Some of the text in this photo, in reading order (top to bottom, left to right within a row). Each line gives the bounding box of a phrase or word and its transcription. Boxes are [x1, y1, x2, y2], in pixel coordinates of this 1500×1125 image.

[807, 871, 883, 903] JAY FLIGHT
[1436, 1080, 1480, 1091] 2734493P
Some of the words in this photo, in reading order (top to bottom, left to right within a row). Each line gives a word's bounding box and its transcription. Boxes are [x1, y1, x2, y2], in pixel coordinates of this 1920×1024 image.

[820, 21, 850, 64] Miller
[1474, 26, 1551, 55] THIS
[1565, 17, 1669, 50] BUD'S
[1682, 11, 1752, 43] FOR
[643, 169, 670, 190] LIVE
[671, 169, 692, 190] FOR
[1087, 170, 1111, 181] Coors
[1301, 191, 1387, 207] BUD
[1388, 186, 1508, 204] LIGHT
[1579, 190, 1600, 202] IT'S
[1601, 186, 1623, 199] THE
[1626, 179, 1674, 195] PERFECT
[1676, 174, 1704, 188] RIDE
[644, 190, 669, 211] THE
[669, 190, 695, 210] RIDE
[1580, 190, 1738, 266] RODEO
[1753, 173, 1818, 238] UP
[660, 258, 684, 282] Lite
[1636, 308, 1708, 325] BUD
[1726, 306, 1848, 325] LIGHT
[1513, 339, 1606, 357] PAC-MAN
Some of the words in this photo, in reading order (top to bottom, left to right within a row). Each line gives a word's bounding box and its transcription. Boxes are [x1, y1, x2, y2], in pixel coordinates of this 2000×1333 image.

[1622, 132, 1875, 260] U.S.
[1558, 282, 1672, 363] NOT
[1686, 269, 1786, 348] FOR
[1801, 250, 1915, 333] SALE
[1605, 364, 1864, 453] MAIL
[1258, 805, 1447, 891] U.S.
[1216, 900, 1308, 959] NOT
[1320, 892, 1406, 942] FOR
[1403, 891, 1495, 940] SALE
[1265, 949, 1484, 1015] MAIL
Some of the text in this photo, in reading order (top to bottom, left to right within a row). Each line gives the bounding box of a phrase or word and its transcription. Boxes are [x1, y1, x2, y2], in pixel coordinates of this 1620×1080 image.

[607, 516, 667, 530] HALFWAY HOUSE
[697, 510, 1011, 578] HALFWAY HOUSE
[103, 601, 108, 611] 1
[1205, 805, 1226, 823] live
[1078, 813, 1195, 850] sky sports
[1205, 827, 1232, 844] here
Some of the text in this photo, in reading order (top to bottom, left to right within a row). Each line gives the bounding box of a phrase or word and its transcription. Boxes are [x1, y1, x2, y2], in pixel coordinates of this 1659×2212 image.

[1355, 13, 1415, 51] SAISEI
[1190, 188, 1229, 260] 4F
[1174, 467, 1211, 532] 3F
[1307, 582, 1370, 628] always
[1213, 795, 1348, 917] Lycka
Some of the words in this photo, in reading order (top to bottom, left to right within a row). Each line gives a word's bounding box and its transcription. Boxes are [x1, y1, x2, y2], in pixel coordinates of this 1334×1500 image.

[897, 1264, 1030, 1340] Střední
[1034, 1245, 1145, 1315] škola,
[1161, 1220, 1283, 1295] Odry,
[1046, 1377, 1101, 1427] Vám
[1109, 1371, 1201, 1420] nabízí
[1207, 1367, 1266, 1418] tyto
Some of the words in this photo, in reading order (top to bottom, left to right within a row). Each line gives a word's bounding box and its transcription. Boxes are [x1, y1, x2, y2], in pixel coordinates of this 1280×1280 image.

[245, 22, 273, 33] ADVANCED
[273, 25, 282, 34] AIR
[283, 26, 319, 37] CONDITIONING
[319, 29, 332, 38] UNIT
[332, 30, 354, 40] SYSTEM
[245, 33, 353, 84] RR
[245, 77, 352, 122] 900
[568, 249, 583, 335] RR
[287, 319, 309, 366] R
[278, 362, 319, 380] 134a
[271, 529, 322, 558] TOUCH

────────────────────────────────────────

Goal of the exercise - The expected output is a verbatim retyping of each line from the one with "this 1334×1500 image." to the end of the listing above, with both end lines kept and nothing added.

Response to this task -
Some of the words in this photo, in reading order (top to bottom, left to right within a row). Each line gives a word's bounding box and its transcription. Boxes are [x1, y1, x2, y2], in pixel coordinates of this 1334×1500 image.

[897, 1264, 1030, 1340] Střední
[1034, 1245, 1145, 1315] škola,
[1161, 1220, 1283, 1295] Odry,
[1046, 1377, 1101, 1427] Vám
[1109, 1371, 1201, 1420] nabízí
[1207, 1367, 1266, 1418] tyto
Some of the words in this photo, in reading order (top to bottom, left to right within a row). Each line gives a word's bounding box and its transcription. Boxes are [x1, y1, x2, y2], in pixel coordinates of this 1280×1280 image.

[245, 22, 273, 33] ADVANCED
[273, 25, 282, 34] AIR
[283, 26, 319, 37] CONDITIONING
[319, 29, 332, 38] UNIT
[332, 30, 354, 40] SYSTEM
[245, 33, 353, 84] RR
[245, 77, 352, 122] 900
[568, 249, 583, 335] RR
[287, 319, 309, 366] R
[278, 362, 319, 380] 134a
[271, 529, 322, 558] TOUCH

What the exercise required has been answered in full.